Weekly Recap 16 – 22 April 2018

23rd April 2018

FX markets had a choppy weak with no clear unifying theme beyond the reasonably broad-based recovery in the US Dollar.  In the emerging markets space the high-yielding Mexican Peso fell sharply but the Turkish Lira and Russian rouble both staged recoveries. Sterling finally gave way to weak UK macro data but the Euro and Swiss Franc managed to hold their ground second half of the week.

US Dollar

The Dollar started the week at a 2-month low against it’s main trading partners but made a swift recovery in the second half to end the week up 1.1% thanks in part to US interest rate hitting cycle-highs. The Dollar made gains across the board, and in particular against Mexican Peso, Sterling, Kiwi Dollar and Swiss Franc which all sold off hard. The Dollar’s gains would have been even greater had it not be for a recovery in some of the high-yielding currencies, including the Russian Rouble and Turkish Lira.

Sterling

The UK rates market’s willingness to price in a 25bp rate hike at the 10th May policy meeting and the FX market’s willingness to look through disappointing UK macro data were severely tested last week. The combination of soft UK wages, inflation and retail sales data and a less hawkish speech by Bank of England Governor Carney saw the rates’ market pricing of the probability of a May hike drop to 44% from 78% only a week ago. Sterling unsurprisingly followed suit and depreciated about 1.6% – its largest weekly fall since early October.

Euro

The Euro was only down marginally last week despite clear evidence that Eurozone, and in particular German business sector confidence has quickly come off the boil and that Eurozone inflation is going nowhere fast.
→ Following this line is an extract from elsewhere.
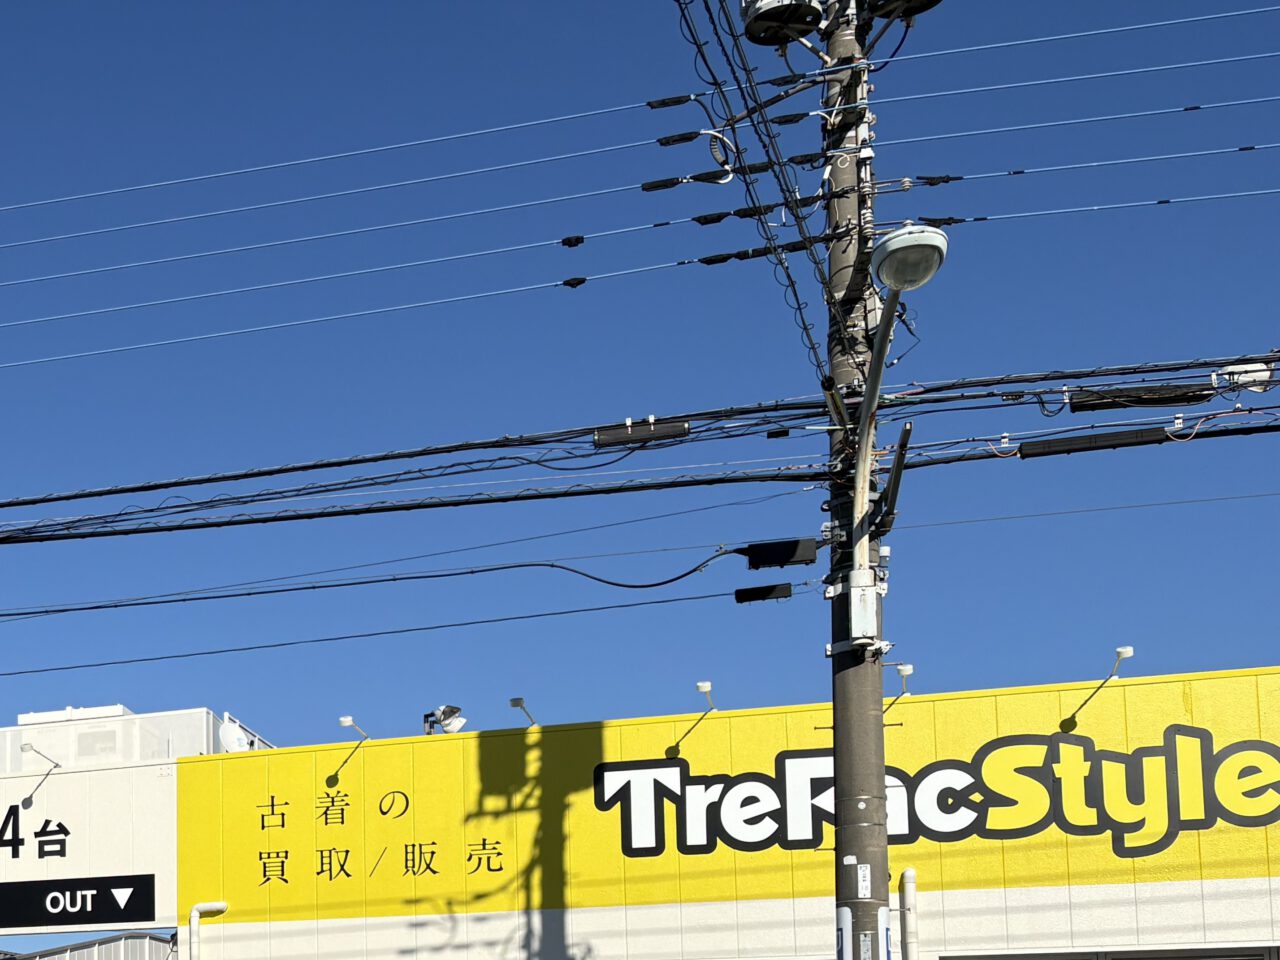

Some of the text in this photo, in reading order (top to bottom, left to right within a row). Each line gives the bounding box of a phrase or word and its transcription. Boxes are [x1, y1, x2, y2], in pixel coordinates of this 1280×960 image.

The Eurozone’s economy remains reasonably buoyant but the shine has come off and markets seemed unwilling to push the Euro stronger, with one-eye undoubtedly on this week’s European Central Bank policy meeting.

Antipodeans

Both the Australian and Kiwi Dollars sold off mid-week before stabilising. The Australian Dollar was not helped by the weak Westpac leading indicator for March, disappointing details behind the March labour data and downward revisions to the February numbers.

Swiss Franc

The Swiss Franc has been on a downturn since early February and weakened further on Tuesday before spending the rest of the week largely unchanged. It is conceivable that the Swiss National Bank may want to start fading the pace of Swiss Franc depreciation even if it falls short of drawing a hard line in the sand at this stage.